Kritisch geht der Liberale zum Abschluss aber auch noch einmal mit den Landtagsabgeordneten aus der Region ins Gericht: “Im Vorfeld der Landtagswahl haben sie alle Lippenbekenntnisse für den Flughafen abgegeben – obwohl sie sich ja schon jahrelang vorher für ihn im Parlament hätten einsetzen können. Wo sind sie jetzt? Was hört man heute von ihnen – und ich meine im Parlament und nicht in der örtlichen Presse: nichts! Betretenes Schweigen. Sie haben, ebenso wie der Landrat mit seiner wenig diplomatischen Art, Politik zu machen, einen wesentlichen Anteil an dem Scherbenhaufen, vor dem wir jetzt stehen!”

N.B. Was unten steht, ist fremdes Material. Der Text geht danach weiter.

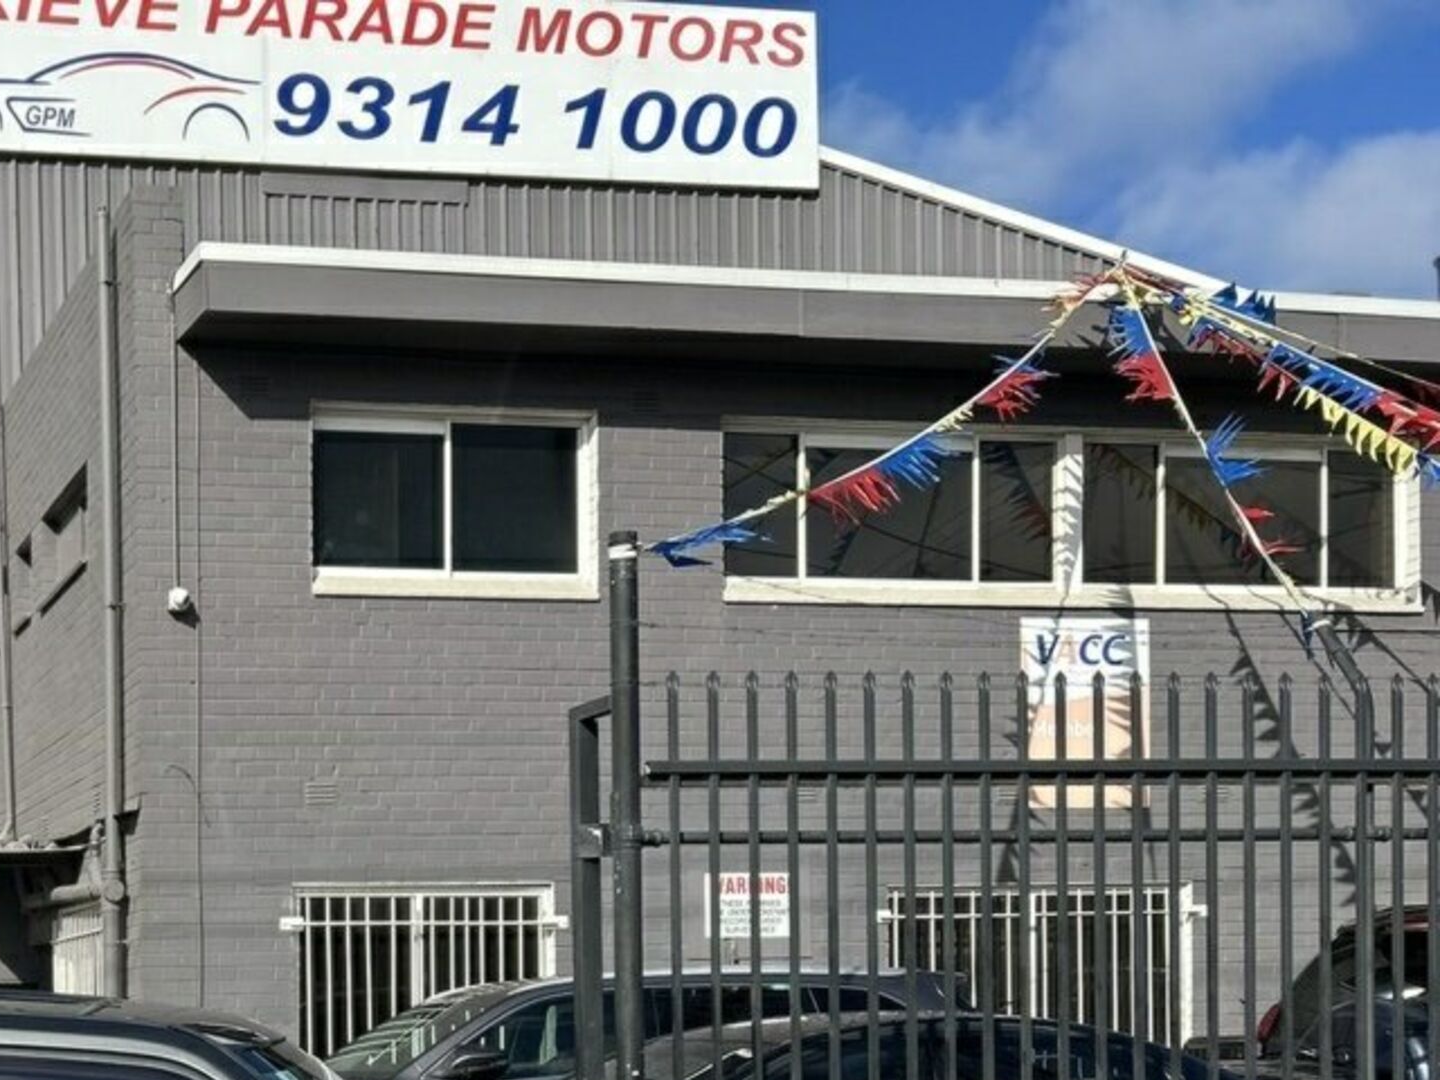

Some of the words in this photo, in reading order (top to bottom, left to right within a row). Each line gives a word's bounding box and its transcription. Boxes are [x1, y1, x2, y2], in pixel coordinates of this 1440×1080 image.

In die selbe Kerbe schlägt auch der Altenburger FDP-Stadtrat Detlef Zschiegner: “Ich vermisse bei beiden CDU-Landtagsabgeordneten ein deutliches und offenes Wort der Kritik an der Flughafenpolitik der Thüringer Landesregierung. Engagierter Einsatz für die Region sieht deutlich anders aus!” Zschiegner verweist in diesem Zusammenhang auch auf die, wie er es nennt, “unnötigen Hahnenkämpfe” im Altenburger Stadtrat: “Es macht wenig Sinn, sich im Stadtrat über die Anteile am Flughafen zu streiten, während er bereits am ausgestreckten Arm der Landesregierung verhungert. Statt dessen hätten die Vertreter der beiden in Erfurt regierenden Parteien CDU und SPD gemeinsam das Gespräch mit den Fachministerien suchen und wesentlich mehr Druck auf die Landesregierung aufbauen müssen! So sehr ich der Meinung bin, dass es nicht Aufgabe von Stadt oder Landkreis sein kann, ein überregionales Infrastrukturprojekt wie den Flughafen zu finanzieren, so sehr bin ich der Meinung, dass es die Aufgabe des Landes wäre, hier Verantwortung zu übernehmen. Das Rumgeeiere von Verkehsminister Carius bei der Begründung für das Nein des Freistaates zum Leipzig-Altenburg-Airport erweckt bei mir jedoch den Eindruck, dass er dazu gar nicht in der Lage ist.”